Now we hear more and more people saying they are thinking for leaving and some have already asked us to cancel their visas. A major factor was the government’s stance that existing participants should follow the new rules. Even though the Home Ministry has now backed down from this, it seems to be with reluctance, and many participants tell us they were very upset at the government’s willingness to break their promise that any changes would not apply to existing visa holders.
The other point which has led to cancellations and plans to cancel is the government’s continuing poor treatment of MM2H visa holders wishing to come back into Malaysia.

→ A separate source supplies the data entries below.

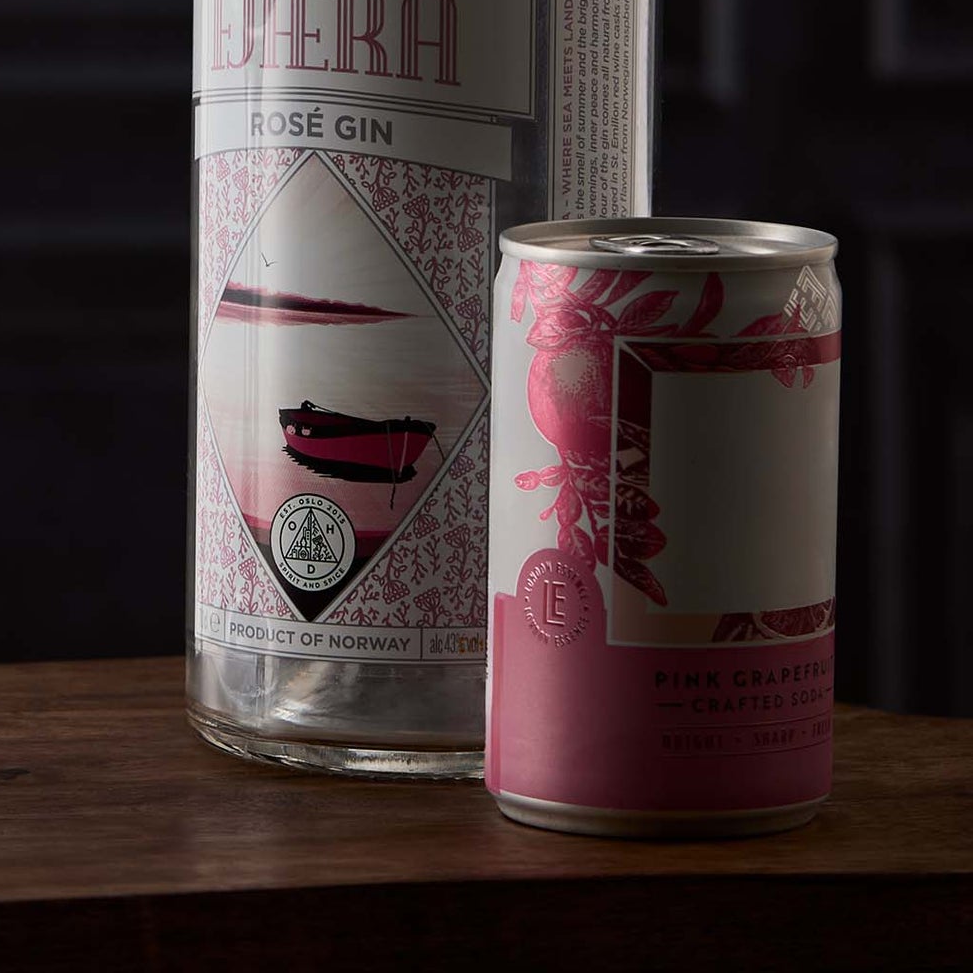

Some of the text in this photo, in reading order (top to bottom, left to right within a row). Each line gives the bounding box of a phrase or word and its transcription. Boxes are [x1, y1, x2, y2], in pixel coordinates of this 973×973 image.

[578, 27, 586, 48] the
[602, 19, 610, 62] natural
[563, 47, 573, 96] MEETS
[577, 52, 586, 76] and
[590, 50, 598, 75] and
[590, 78, 599, 117] peace
[621, 50, 630, 120] Norwegian
[563, 102, 572, 132] SEA
[578, 79, 586, 132] summer
[251, 107, 393, 145] ROSÉ GIN
[588, 120, 597, 152] inner
[611, 102, 619, 148] Emilion
[577, 135, 585, 149] of
[601, 130, 609, 149] gin
[563, 138, 572, 194] WHERE
[576, 152, 585, 186] smell
[600, 153, 608, 173] the
[588, 157, 598, 216] evenings,
[600, 176, 608, 190] of
[611, 173, 618, 183] in
[620, 156, 628, 202] flavour
[576, 187, 585, 209] the
[299, 498, 323, 506] OSLO
[279, 562, 345, 589] SPIRIT AND SPICE
[229, 622, 410, 652] PRODUCT OF NORWAY
[430, 634, 442, 653] alc
[655, 670, 721, 689] PINK
[692, 689, 823, 713] CRAFTED SODA

It was very upsetting for the hundreds of MM2Hers who were refused entry into the country while other visa holders were permitted to enter. In fact, some are still being refused entry. Those whose visas expired while they were locked out have been told they can only return when the borders are opened. Having taken up the country’s offer to retire to Malaysia, it’s quite a slap in the face to be told you cannot return to your home.

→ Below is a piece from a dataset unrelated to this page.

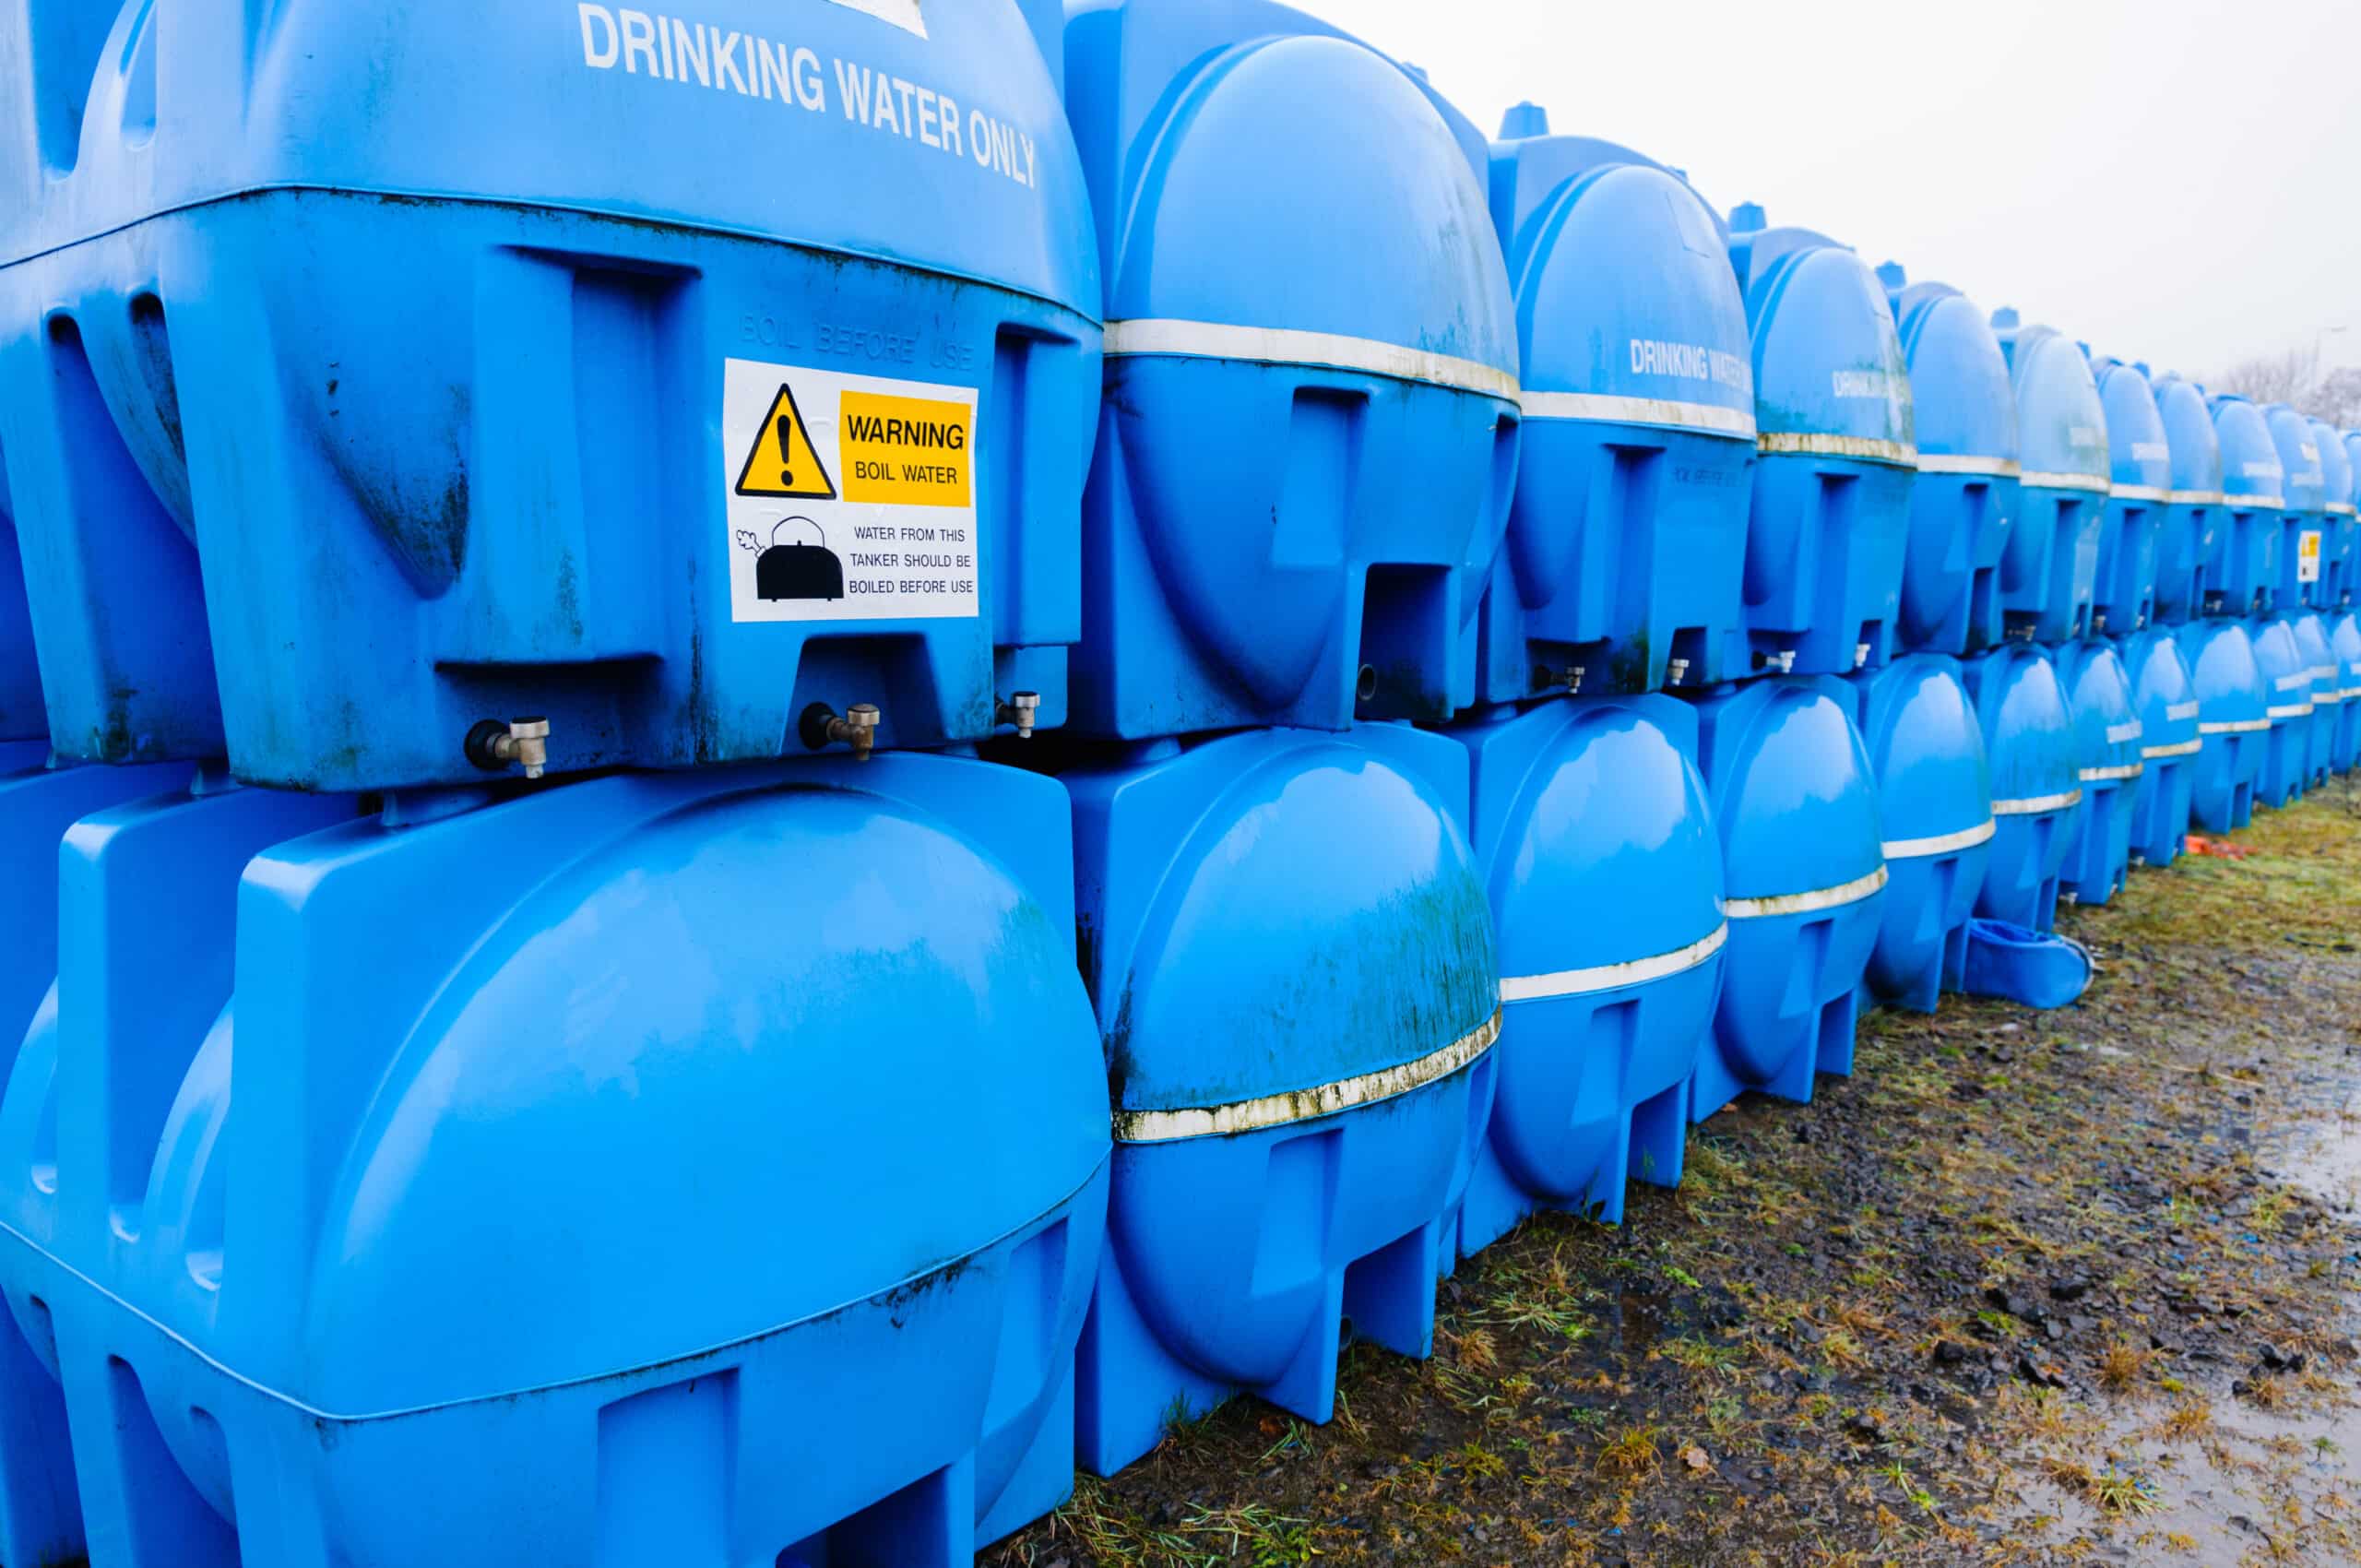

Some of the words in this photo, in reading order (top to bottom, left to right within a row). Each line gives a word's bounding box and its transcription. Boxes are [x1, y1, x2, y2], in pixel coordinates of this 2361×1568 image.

One cannot help wondering how people with much higher incomes will feel once they learn that Malaysia regards them as the lowest category of visa holders. During the pandemic, Malaysians were of course allowed back into the country because this is their home. Then, holders of all the other visa categories were allowed back – permanent residents, spouse visas, employment passes, dependents, and even maids of visa holders. However, MM2Hers were still denied entry. The fact they have their only homes here was not considered a valid reason to let them back in. We can only guess how the new ‘high quality’ ultra-wealthy applicants will view being treated like this.
These changes, and the way the MM2H programme has been handled over the past two years, have given the country a lot of negative publicity, and that is certainly sad for us to witness. Business chambers even see the recent actions as negatively impacting foreign direct investment. That can hardly be a desirable outcome. Our CEO and his family were given unsolicited permanent residence by a previous government for their efforts to promote Malaysia, so it is very hard to have to report things which we feel show the country in a negative light. We can only hope action is taken to rectify these problems so we can once again highlight Malaysia’s attractions and how it welcomes foreigners. At the moment, however, it is easy to see why people are getting the impression that foreigners are not welcome here.

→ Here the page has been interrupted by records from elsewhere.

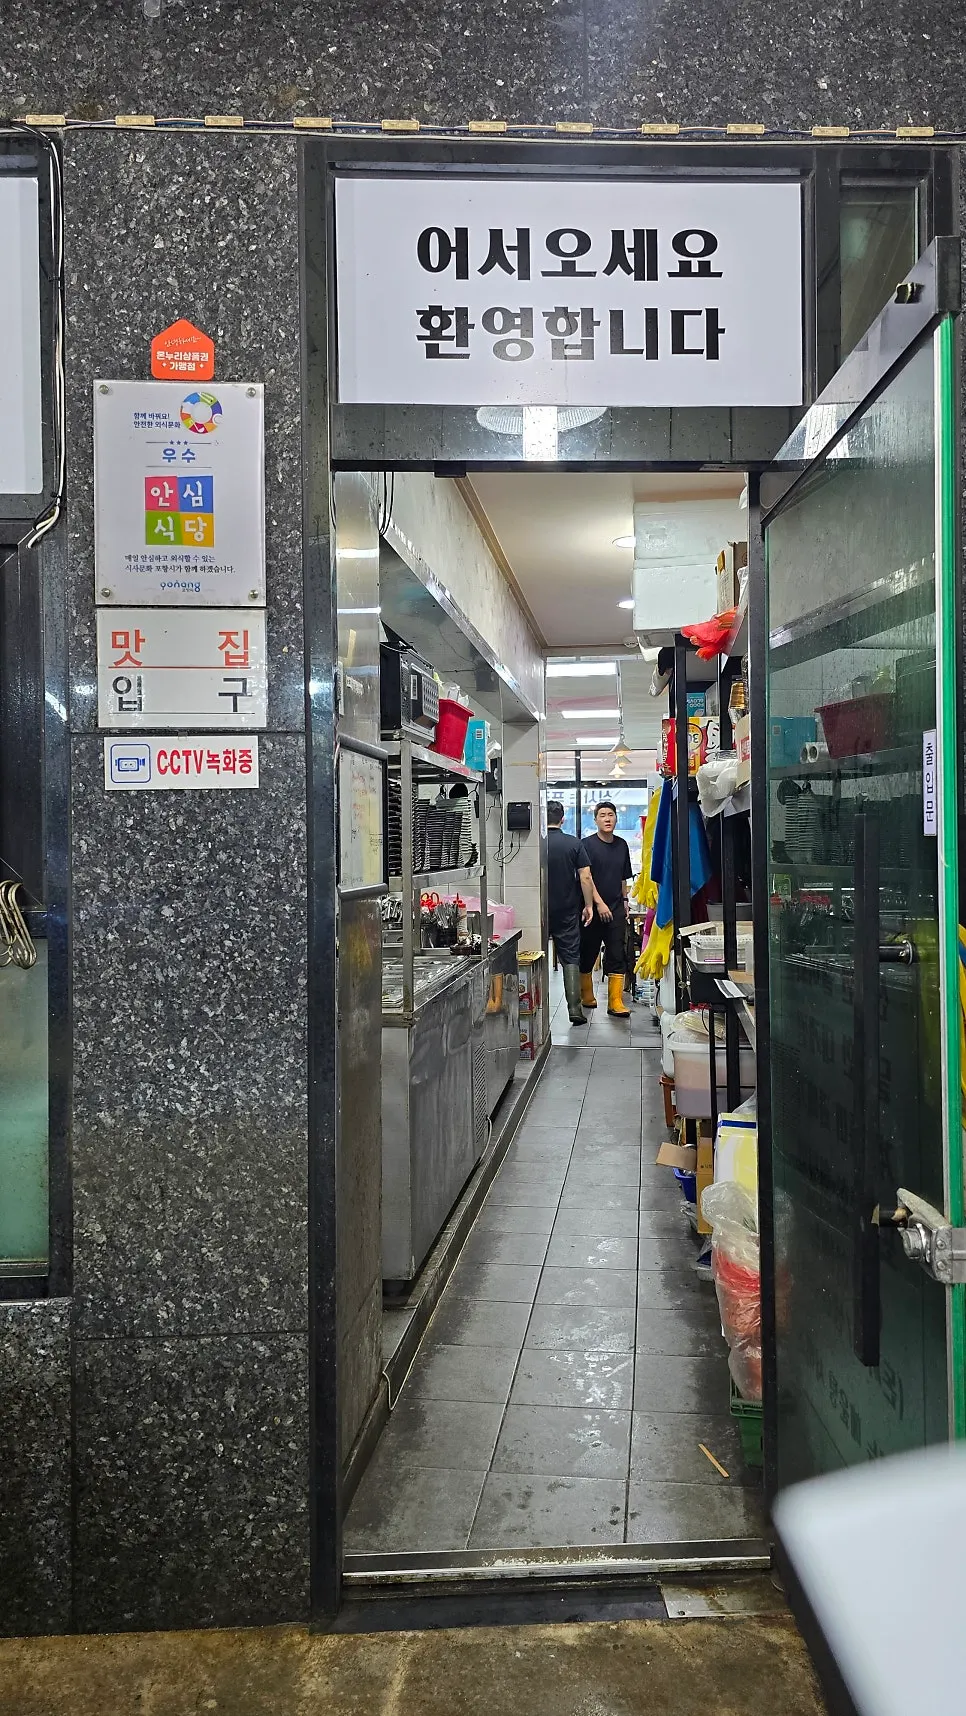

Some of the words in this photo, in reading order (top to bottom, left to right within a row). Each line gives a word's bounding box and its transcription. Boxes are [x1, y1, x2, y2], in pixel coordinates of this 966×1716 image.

[415, 225, 724, 282] 어서오세요
[414, 304, 726, 363] 환영합니다
[156, 350, 209, 362] 온누리상품권
[169, 361, 196, 371] 가맹점
[133, 412, 147, 420] 함께
[133, 421, 153, 429] 안전한
[154, 421, 181, 429] 외식문화
[162, 448, 196, 463] 우수
[150, 480, 204, 507] 안심
[154, 516, 208, 542] 식당
[156, 748, 253, 776] CCTV녹화중
[925, 742, 934, 822] 출입문

Surprisingly the procedures to apply for the revised MM2H programme have still not been formally announced, despite supposedly taking effect on October 1, so the one client we have who qualifies and is interested has had to put his plans on hold.
Additionally, despite statements assuring that current MM2H visa holders would not be subjected to the new requirements, nothing on this point has been officially declared or put into writing. Given that the trust has already been damaged in the first place, this lack of clarity and written assurance has resulted in some resident MM2Hers moving ahead with their plans to leave Malaysia anyway.